20.2 parts or 70 % of the theoretical yield of 5-methylphenylglyoxylic acid-2-diazonium hydrogen sulfate, which melts at 112 to 114 ° C. (decomposition), are obtained. It is hygroscopic and has the analytical values found ... C 37.0, H 3.0, N 9.2, O 39.4, S 10.9; calculated ... C 37.5, H 2.8, N 9.7, O 38.9, S 11.1. Example s 13 parts of 4-chloro-5-bromoisatin, 50 parts of glacial acetic acid, 0.9 parts of water and 7 parts of nitrosylsulfuric acid are stirred for a few hours at ordinary temperature. Another 7 parts of nitrosylsulfuric acid are then added to the mixture and the mixture is stirred until the red color of the isatin has disappeared.

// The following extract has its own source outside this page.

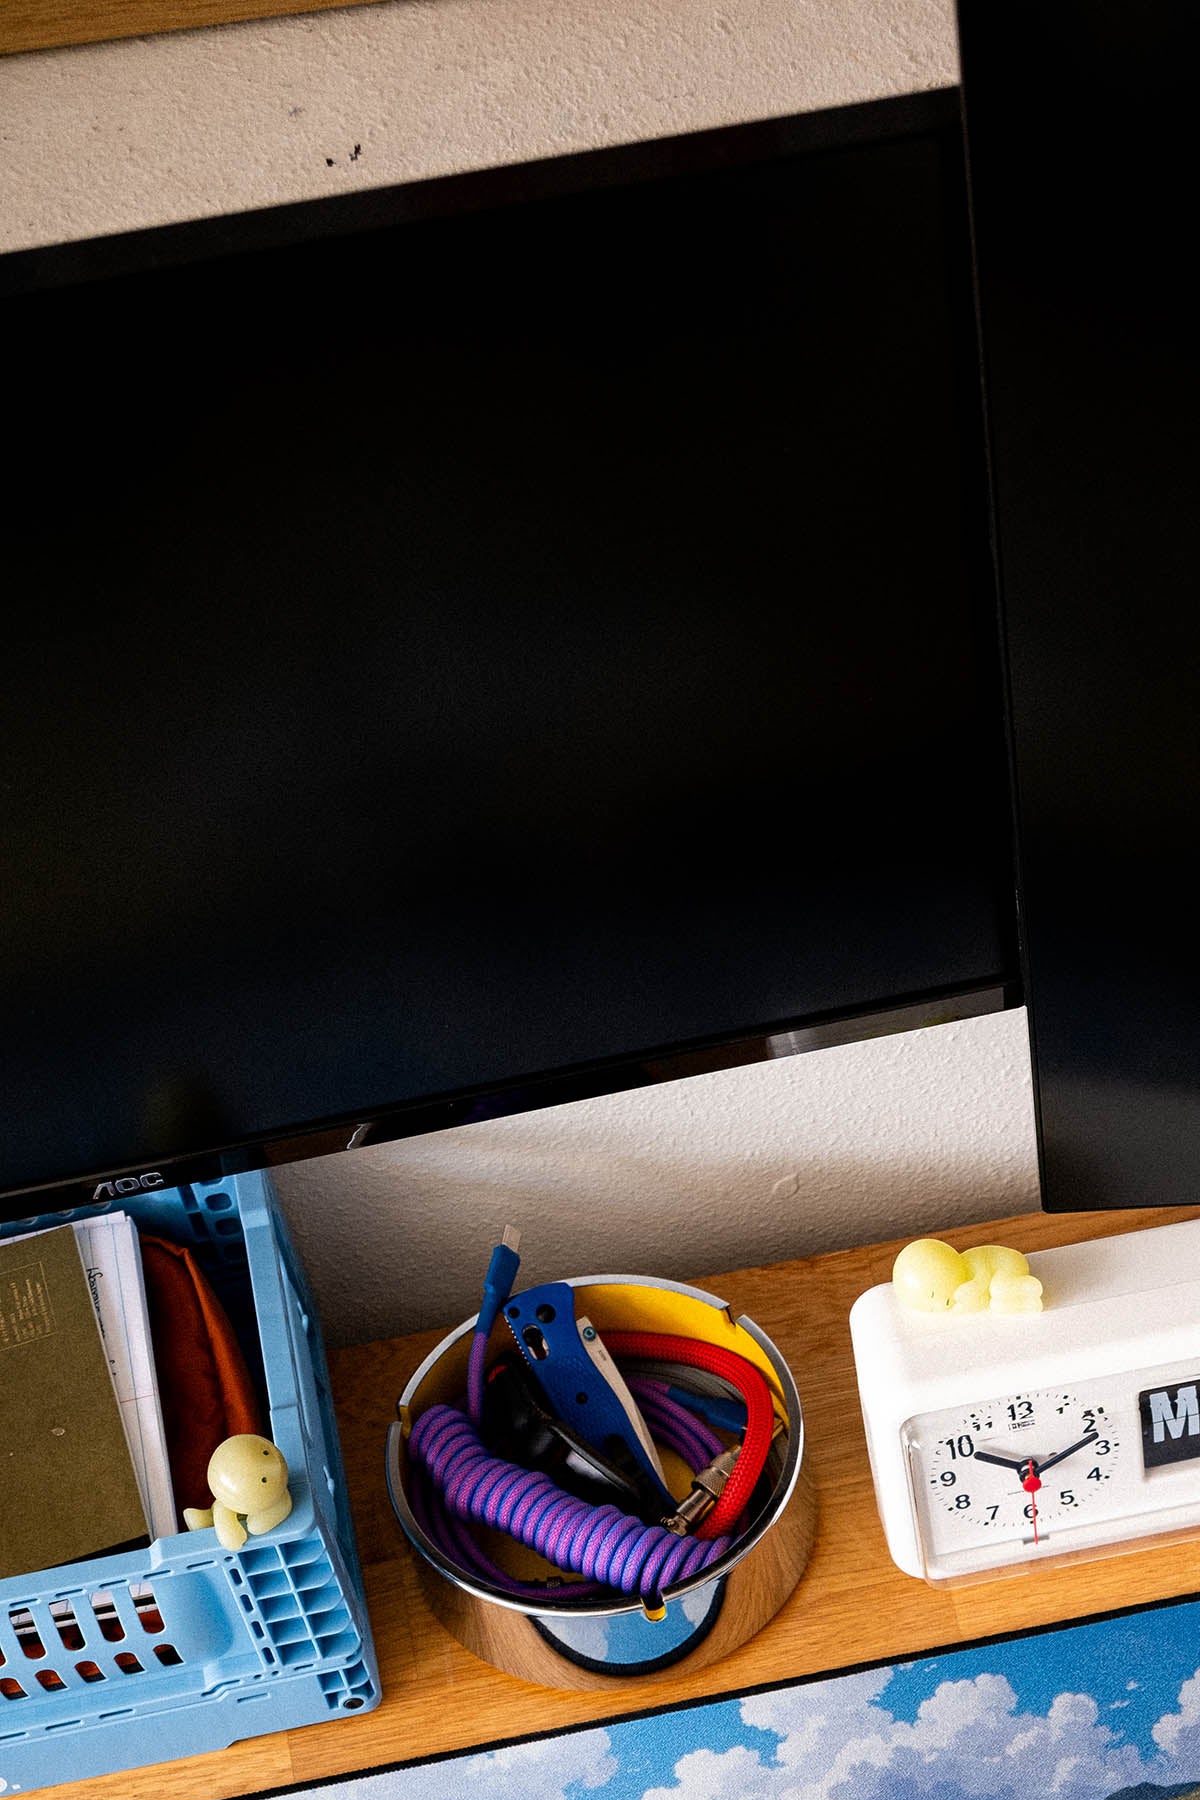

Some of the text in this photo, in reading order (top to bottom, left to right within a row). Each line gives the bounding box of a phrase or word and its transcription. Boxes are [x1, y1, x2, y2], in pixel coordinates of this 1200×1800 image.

After the usual work-up, drying is carried out on clay in the air and receives 18.5 parts of the dihydrate of 5-bromo-6-chlorophenylglyoxylic acid-2-diazonium hydrogen sulfate (= 74.50 /, the yield), which melts at 113 to 117 ° C (decomposition).

Example 6 A mixture of 14.7 parts isatin, 100 parts propionic acid, 20 parts of p-toluenesulfonic acid hydrate and 8 parts of nitrosyl chloride are added at ambient temperature stirred until the red color of the isatin has disappeared. Then you vacuum off, wash with anhydrous ether and dries on clay. The yield is 15.9 parts Phenylglyoxylic acid 2-diazonium tosylate, which melts at 90 to 91 ° C (decomposes).

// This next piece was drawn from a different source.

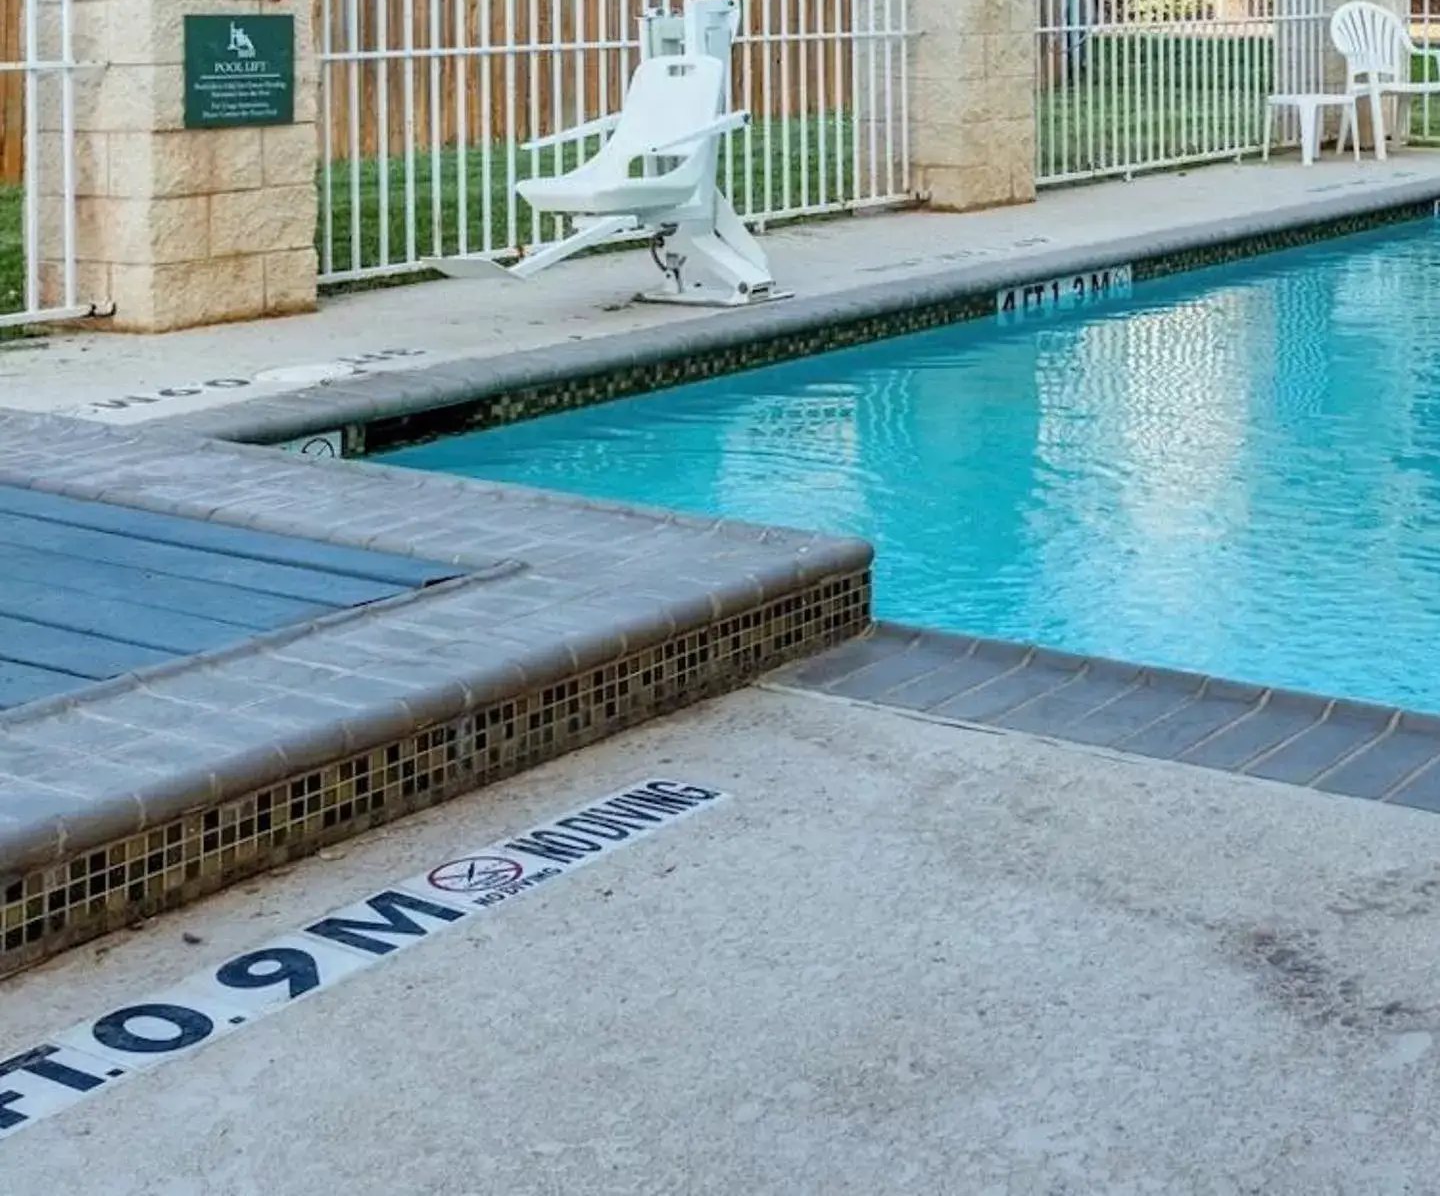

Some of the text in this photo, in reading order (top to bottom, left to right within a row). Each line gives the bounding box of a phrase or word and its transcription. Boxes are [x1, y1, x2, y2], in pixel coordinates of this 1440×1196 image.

[214, 61, 268, 73] POOL LIFT
[504, 780, 721, 864] NO DIVING

Example? A mixture of 14.7 parts isatin, 150 parts glacial acetic acid, 13.5 parts of potassium fluorate, 9 parts of nitrosyl chloride and 1 part of water will be like described in Example 6, implemented and worked up. 23.8 parts of 2-diazonium fluorate phenylglyoxylic acid are obtained, which still contains potassium chloride.

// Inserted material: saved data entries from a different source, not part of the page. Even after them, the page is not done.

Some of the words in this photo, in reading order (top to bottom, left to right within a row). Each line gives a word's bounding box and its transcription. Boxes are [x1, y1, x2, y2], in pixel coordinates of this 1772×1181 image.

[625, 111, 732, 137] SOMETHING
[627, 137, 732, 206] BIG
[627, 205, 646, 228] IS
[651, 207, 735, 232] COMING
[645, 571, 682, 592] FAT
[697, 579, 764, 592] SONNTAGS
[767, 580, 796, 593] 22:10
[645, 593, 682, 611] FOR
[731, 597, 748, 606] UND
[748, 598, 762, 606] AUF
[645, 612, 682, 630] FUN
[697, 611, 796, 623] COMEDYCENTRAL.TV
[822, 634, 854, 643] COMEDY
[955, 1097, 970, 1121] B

Example 8 A mixture of 20 parts isatin, 300 parts propionic acid and 19 parts of nitrosylsulfuric acid is stirred at 50 to 60 ° C until the red color des Isatin has disappeared. After the usual work-up, 36 parts are obtained Phenylglyoxylic acid-2-diazonium hydrogen sulfate, which melts at 98 to 99 ° C (decomposition).

Example 9 A mixture of 120 parts of isatin, 1200 parts of glacial acetic acid, 124 parts of nitrosylsulfuric acid and 12 parts of water is reacted at 30 to 40 ° C. and filtered off with suction. The filter material is suspended in methylene chloride, again suctioned off and dried on clay. The yield is 163 parts of phenylglyoxylic acid 2-diazonium hydrogen sulfate, which melts at 97 to 98 ° C. (decomposition).

Claims (1)

Claim: Process for the preparation of phenylglyoxylic acid-2-diazonium salts by diazotizing isatines, as it is characterized that isatins are reacted with nitrosating agents for so long at 0 to 100 ° C in the presence of acids that may arise from the nitrosating agents under the reaction conditions, until the isatin color has just disappeared and the diazonium salts which separate out are isolated in a manner known per se. Publications considered: Reports of the German Chemical Society, 17, p. 973 (1884); 26, p. 216 (1893).